- **TO DO**:
Whatever appears in the records, retype it exactly, except for the pictures.

- **Referring expression grounding data**:

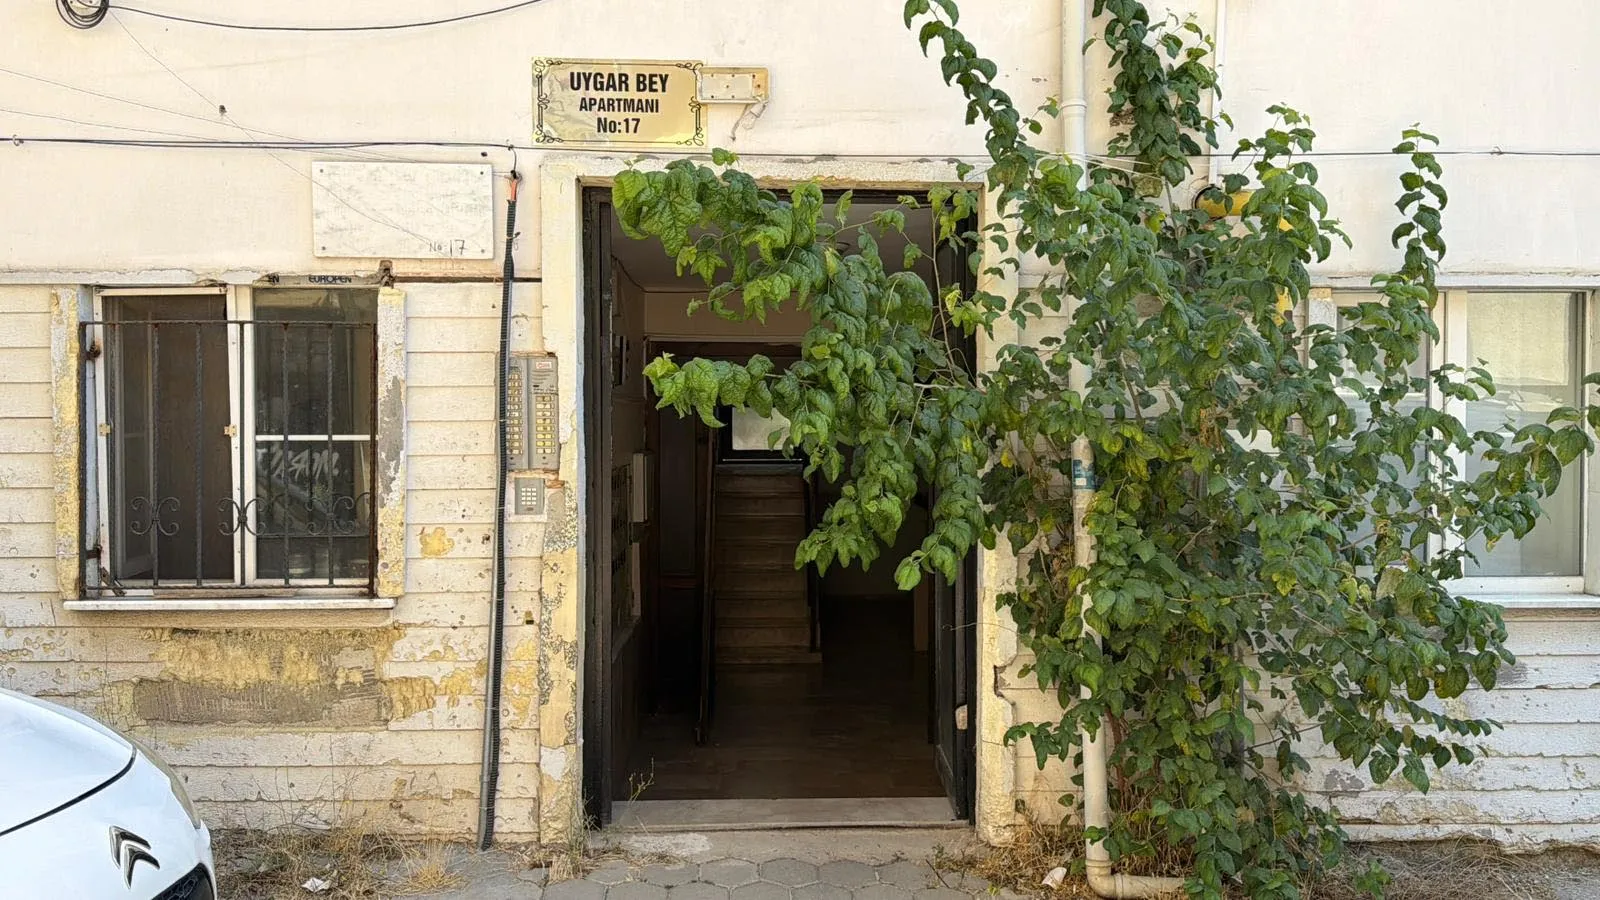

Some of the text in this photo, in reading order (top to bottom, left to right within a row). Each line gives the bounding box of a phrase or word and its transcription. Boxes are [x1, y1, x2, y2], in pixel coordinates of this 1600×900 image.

[569, 71, 669, 93] UYGAR BEY
[579, 97, 659, 113] APARTMANI
[597, 117, 641, 134] No:17
[308, 275, 352, 284] EUROPEN

- **RESPONSE TO THIS EXERCISE**:
Some of the text in this photo, in reading order (top to bottom, left to right within a row). Each line gives the bounding box of a phrase or word and its transcription. Boxes are [x1, y1, x2, y2], in pixel coordinates of this 1600×900 image.

[569, 71, 669, 93] UYGAR BEY
[579, 97, 659, 113] APARTMANI
[597, 117, 641, 134] No:17
[308, 275, 352, 284] EUROPEN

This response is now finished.